Thank you. We will now begin the question and answer session. To join the question queue, you may press star, then 1 on your telephone keypad. You will hear a tone acknowledging your request. If you are using a speakerphone, please pick up your handset before pressing any keys. To withdraw your question, please press star, then two. To join the question queue, please press star, then one now. Our first question. Go ahead.
I'm sorry. I do have three questions via email. Would you like me to do that now or wait?
By all means.
I have a question. Confused about comments, RE pricing initiatives as ASP at quarter end Q4 seen below ASP for Q4 21. That is true. The ASP is lower. And as a reminder, our ASP is heavily influenced by the first customers that signed up for the platform that are by far the largest customers, customers that have hundreds, in some cases, several hundred seats. A lot of the 180 deployments we're doing now and a lot of our focus from a sales and marketing perspective is on SMB, where that ASP is lower. So we can expect to see $6,000 to $8,000 ASPs on new sales in the SMB space versus our corporate ASP number, which is between $10,000 and $11,000. The second question I got.

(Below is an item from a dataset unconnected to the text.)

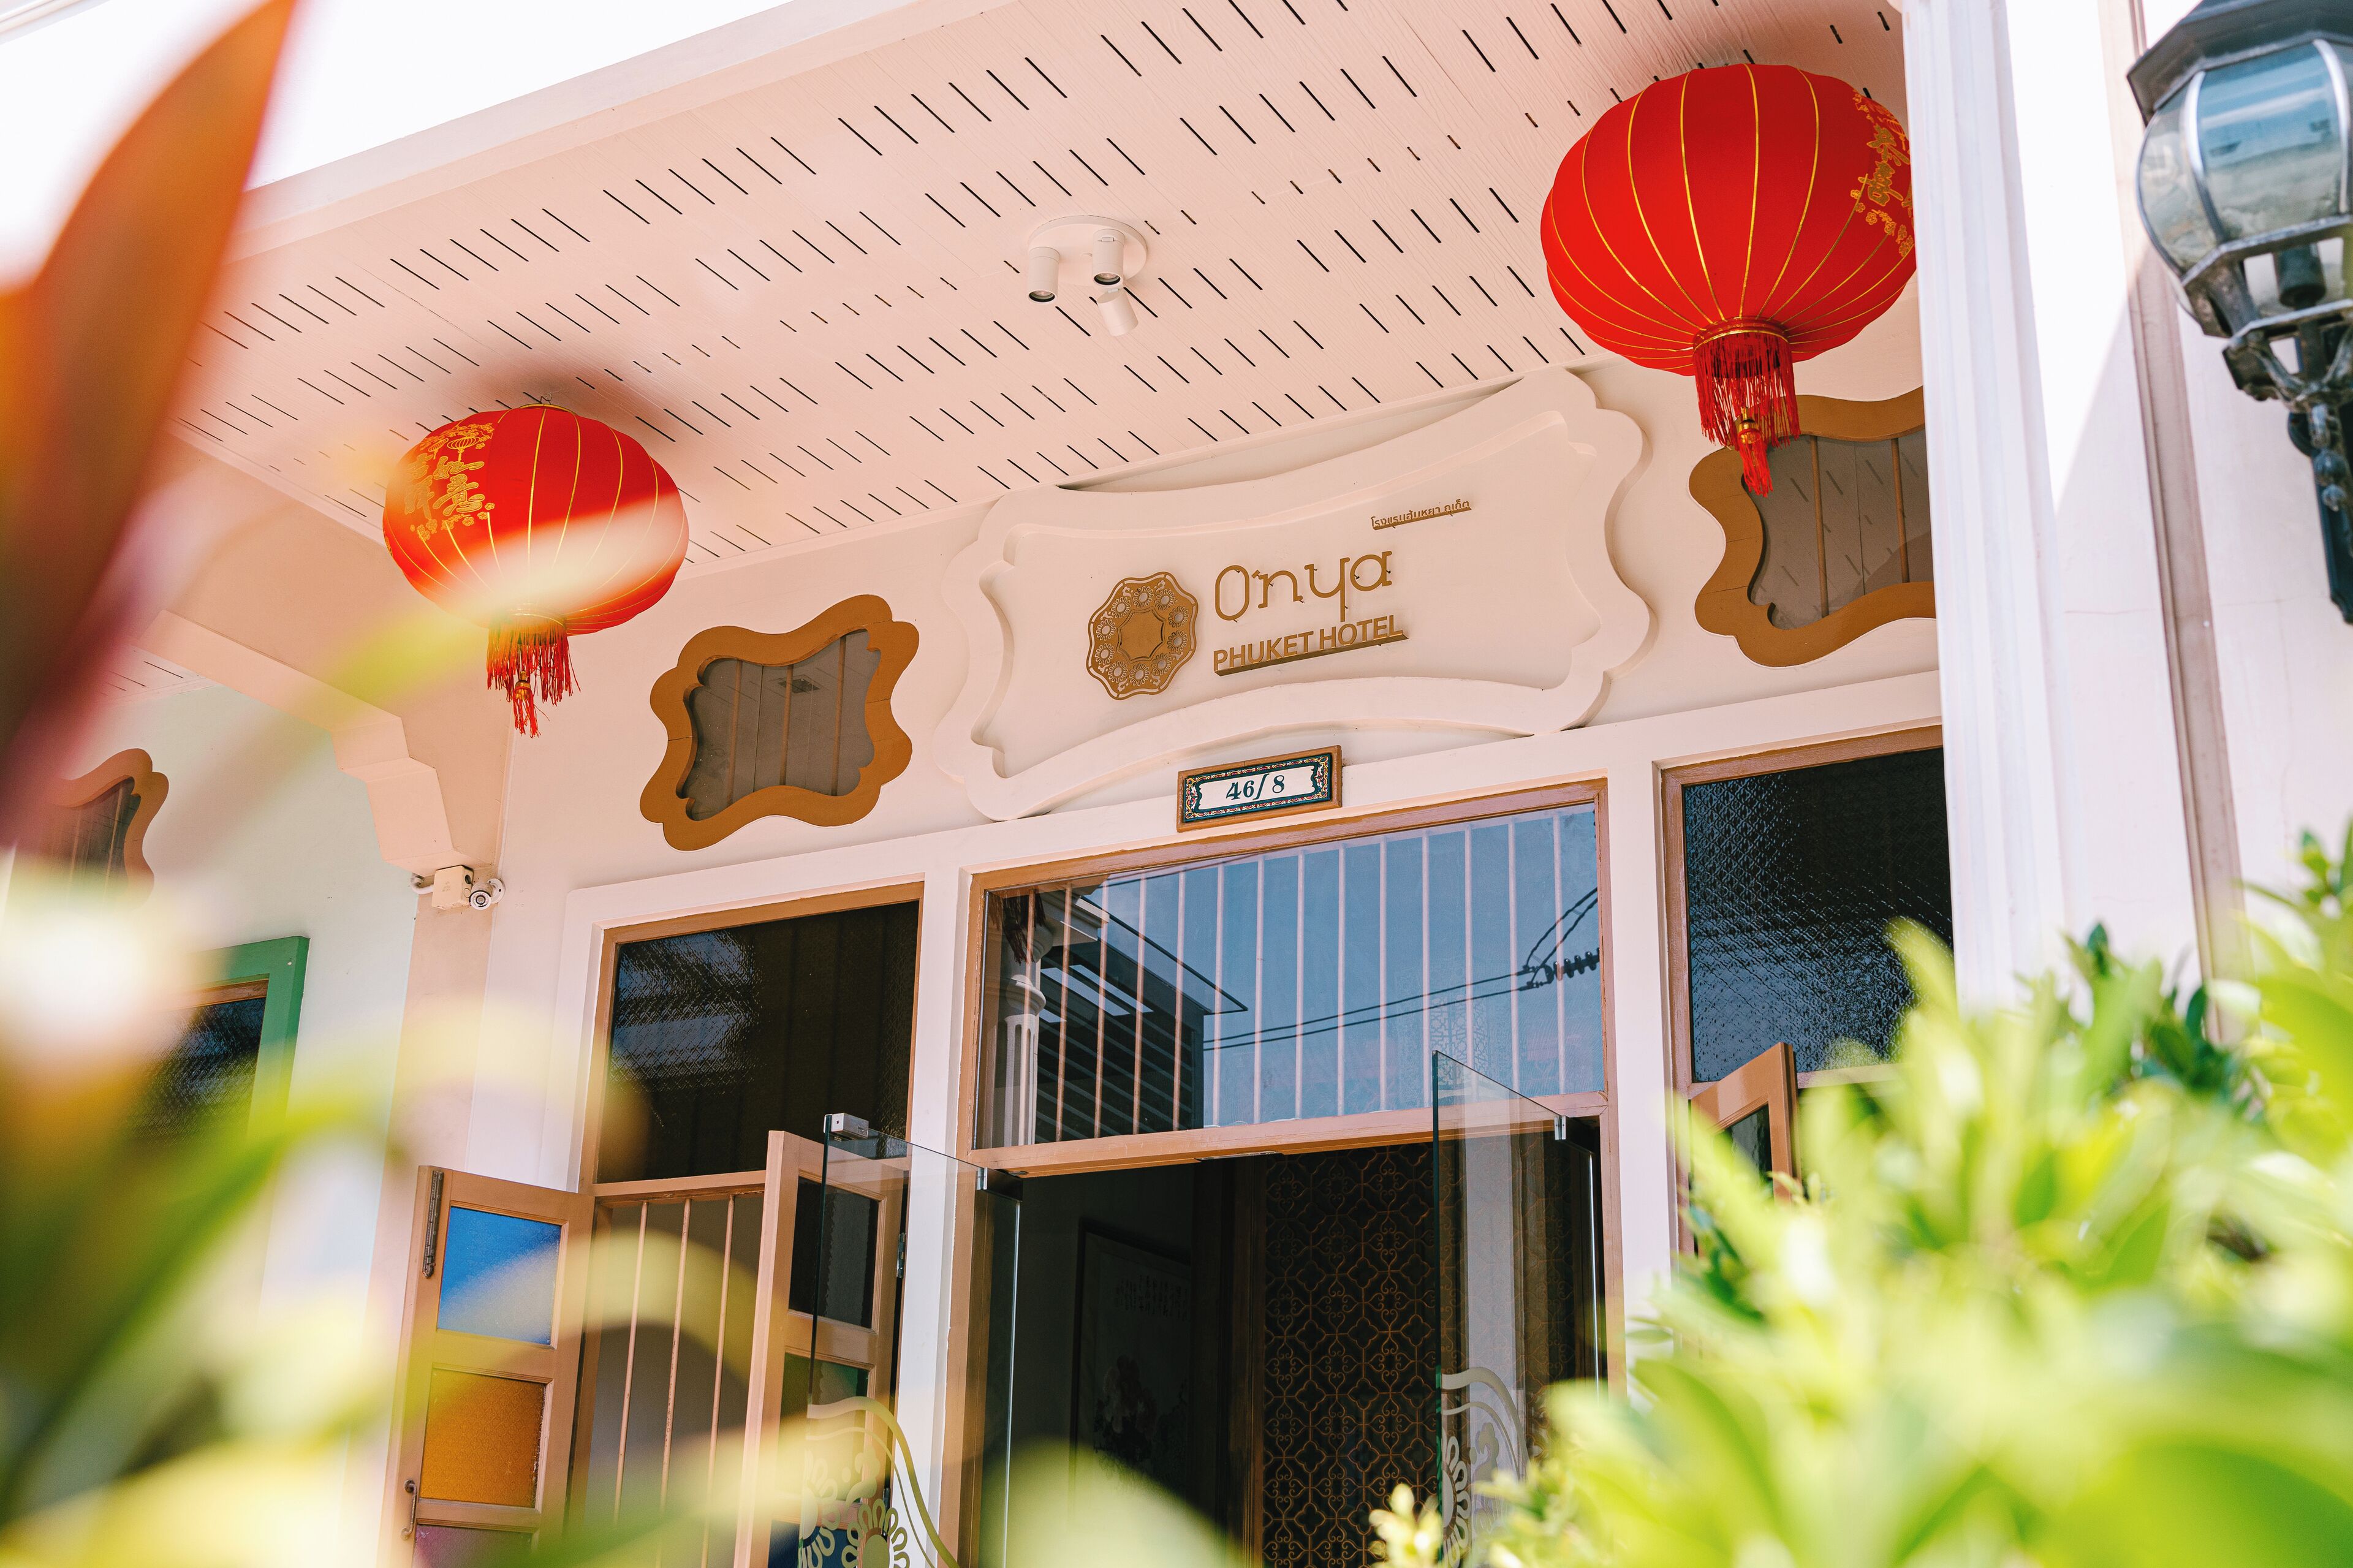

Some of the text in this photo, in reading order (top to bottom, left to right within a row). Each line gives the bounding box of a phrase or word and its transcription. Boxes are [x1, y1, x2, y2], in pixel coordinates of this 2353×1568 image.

[1444, 498, 1470, 513] ภเก็ต
[1213, 615, 1403, 672] PHUKET HOTEL
[1226, 773, 1285, 800] 46/8

Roy, if I could just add real quickly to that too. While we are, we did do some pricing initiatives on the platform. A lot of what I was referencing with respect to pricing initiatives is things that we're doing on the transaction side of the business to improve margins there.
Second question I got was nice growth in deferred revenue. Is this mostly in platforms? Can you please talk about seasonality expected in deferred revenue? Bill, I'll turn that over to you.
Yes, it definitely has something to do with seasonality and also having a record bookings quarter for the fourth quarter. Obviously, with the platform, everything that we bill there is an annual upfront payment. And so where we have a strong quarter, we put out a lot of annual bills that do drive the deferred revenue balance up. Typically, from a seasonality standpoint, you will see that deferred revenue drop in Q1 as we sort of typically have our strongest quarters in the back half of the year. And so I would expect the deferred revenue balance to come down by the end of Q1.
Okay, why don't we open it up for questions, and then I have a third one, but we'll give some of the folks a chance.
Certainly. Our first question comes from Alan Klee of Maxim Group. Please go ahead.
Good afternoon. I wanted to... Could you talk a little about how Galaxy Scholar has performed and your thoughts about how your expectations on that? And then secondly... with your new product, Cure Datas, how you think about the launch, when this is, how you're thinking about the ramp up of what you're planning to, you know, and how long this could potentially take to become material. Thank you.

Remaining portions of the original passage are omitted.